Generate hierarchical clustering artwork and haplotype groups

  • using whole genome phasing
  • based upon Ag1000g phase 1 paper

In [1]:
%run setup.ipynb
%matplotlib inline
import hapclust

from scipy.cluster.hierarchy import _convert_to_double
from scipy.spatial import distance
from scipy.cluster.hierarchy import _hierarchy

Setup data


In [2]:
# define the gene region
region = 'PARA'
region_vgsc = '2L', 2358158, 2431617

In [3]:
def load_data(chrom, start=None, stop=None, n_variants=None):
    
    # load data
    callset_haps = np.load('../data/haps_phase1.npz')
    haps = allel.HaplotypeArray(callset_haps['haplotypes'])
    pos = allel.SortedIndex(callset_haps['POS'])
    ann = callset_haps['ANN']

    
    # locate the region of interest
    if start and stop:
        loc = pos.locate_range(start, stop)
    elif start and n_variants:
        start_idx = bisect.bisect_left(pos, start)
        stop_idx = start_idx + n_variants
        loc = slice(start_idx, stop_idx)
    elif stop and n_variants:
        stop_idx = bisect.bisect_right(pos, stop)
        start_idx = stop_idx - n_variants
        loc = slice(start_idx, stop_idx)
    else:
        raise ValueError('bad args')
    
    # obtain haplotypes for the region of interest
    pos = pos[loc]
    h = haps[loc]
    
    #setup missense
    tbl_variants_selected = etl.frompickle('../data/tbl_variants_missense_selected.pkl')
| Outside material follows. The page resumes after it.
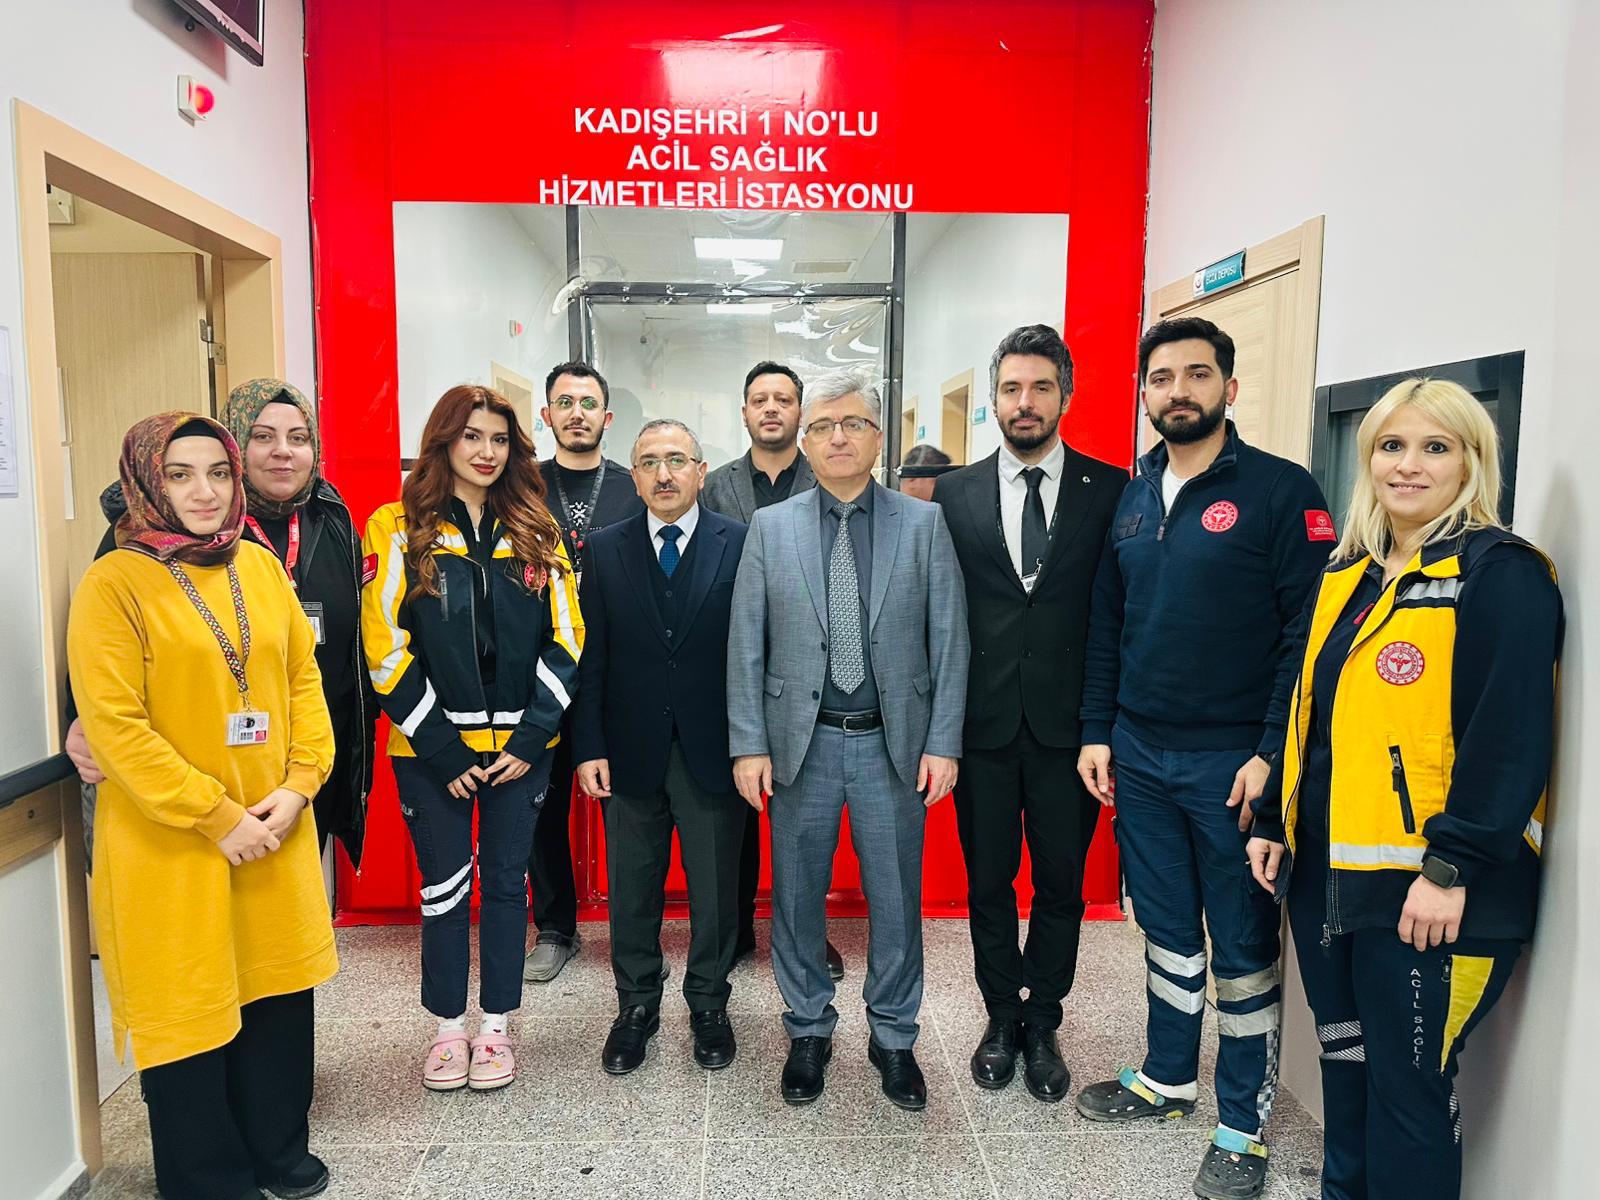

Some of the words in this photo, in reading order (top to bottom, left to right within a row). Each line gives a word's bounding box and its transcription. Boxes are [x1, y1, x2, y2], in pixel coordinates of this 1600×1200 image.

    tbl_selected_redux = (
        tbl_variants_selected
        .cut('POS', 'REF', 'ALT', 'AGAP004707-RA')
        .mergeduplicates(key=('POS'))
        .convert('ALT', lambda v: ','.join(v) if len(v) > 1 else v)
        .addfield('label',  lambda rec: '%s:%s>%s %s' % (rec.POS, rec.REF, rec.ALT.ljust(3), rec['AGAP004707-RA'].rjust(6)))
        .sort('POS')
    )
    
    # extract positions for the missense variants
    pos_missense = allel.SortedIndex(tbl_selected_redux['POS'])
    
    # extract haplotypes for the missense variants
    missense_bool = np.in1d(pos, pos_missense)
    h_missense = h.compress(missense_bool)
    
    missense_mutations = list(tbl_selected_redux['AGAP004707-RA'])
    
    return pos, h, h_missense, missense_mutations

In [4]:
pos, h, h_missense, missense_mutations = load_data(*region_vgsc)

In [5]:
h.shape


Out[5]:
(1713, 1530)

In [6]:
missense_mutations


Out[6]:
['R254K',
 'V402L',
 'D466H',
 'M490I',
 'T791M',
 'L995S',
 'L995F',
 'A1125V',
 'V1254I',
 'I1527T',
 'N1570Y',
 'E1597G',
 'K1603T',
 'A1746S',
 'V1853I',
 'I1868T',
 'P1874S',
 'P1874L',
 'F1920S',
 'A1934V',
 'I1940T']

Plot missense mutations


In [7]:
def plot_missense_haplotypes(ax, h, mut_labels):
    h = h.copy()
    # colours for colormap
    mycol = ['r', 'w', 'k'] 
    # alter rows with kdr mutations for color map to pick up
#     known_muts = ['L995S (2984T>C)', 'L995F (2985A>T)', 'N1570Y (4708A>T)']
    known_muts = ['L995S', 'L995F', 'N1570Y']
    for mut in known_muts:
        if mut in mut_labels:
            h[mut_labels.index(mut)] *= -1

    # make colormap
    cake = mpl.colors.ListedColormap(mycol, name='mymap', N=3)
    # plot
    ax.pcolormesh(np.asarray(h[::-1]), cmap=cake, vmin=-1, vmax=1, zorder=-10)
        
    ax.set_yticks(np.arange(h.shape[0])+.5)
    lbl = [l for l in mut_labels[::-1]]
#     lbl = ['%s' % l for l in mut_labels[::-1]]
    ax.set_yticklabels(lbl, family='monospace', fontsize=6)
    ax.set_ylabel('Non-synonymous SNPs')
    
    for ytick in ax.get_yticklabels():
        if ytick.get_text() in known_muts:
            ytick.set_color('r')
    
    ax.hlines(np.arange(h.shape[0]+1), 0, h.shape[1], color='k', lw=.5)
    ax.set_xlim(0, h.shape[1])
    ax.set_ylim(0, h.shape[0])
#     ax.set_xticks([])
    ax.yaxis.tick_left()
    ax.set_xticks([])
    # rasterize to avoid SVG antialiasing issues and reduce file size
    ax.set_rasterization_zorder(-5)
#     ax.set_xticks(list(range(0, h.shape[1], 200)) + [h.shape[1]])
#     ax.xaxis.tick_bottom()
#     ax.spines['top'].set_visible(False)
#     ax.spines['bottom'].set_visible(False)

In [8]:
fig, ax = plt.subplots()
plot_missense_haplotypes(ax, h_missense, missense_mutations)


Cluster haplotypes


In [9]:
def plot_dendrogram(h, ax, method='complete', color_threshold=0, above_threshold_color='k'):
    
    # compute distance matrix
    dist = allel.stats.pairwise_distance(h, 'hamming') * h.shape[0]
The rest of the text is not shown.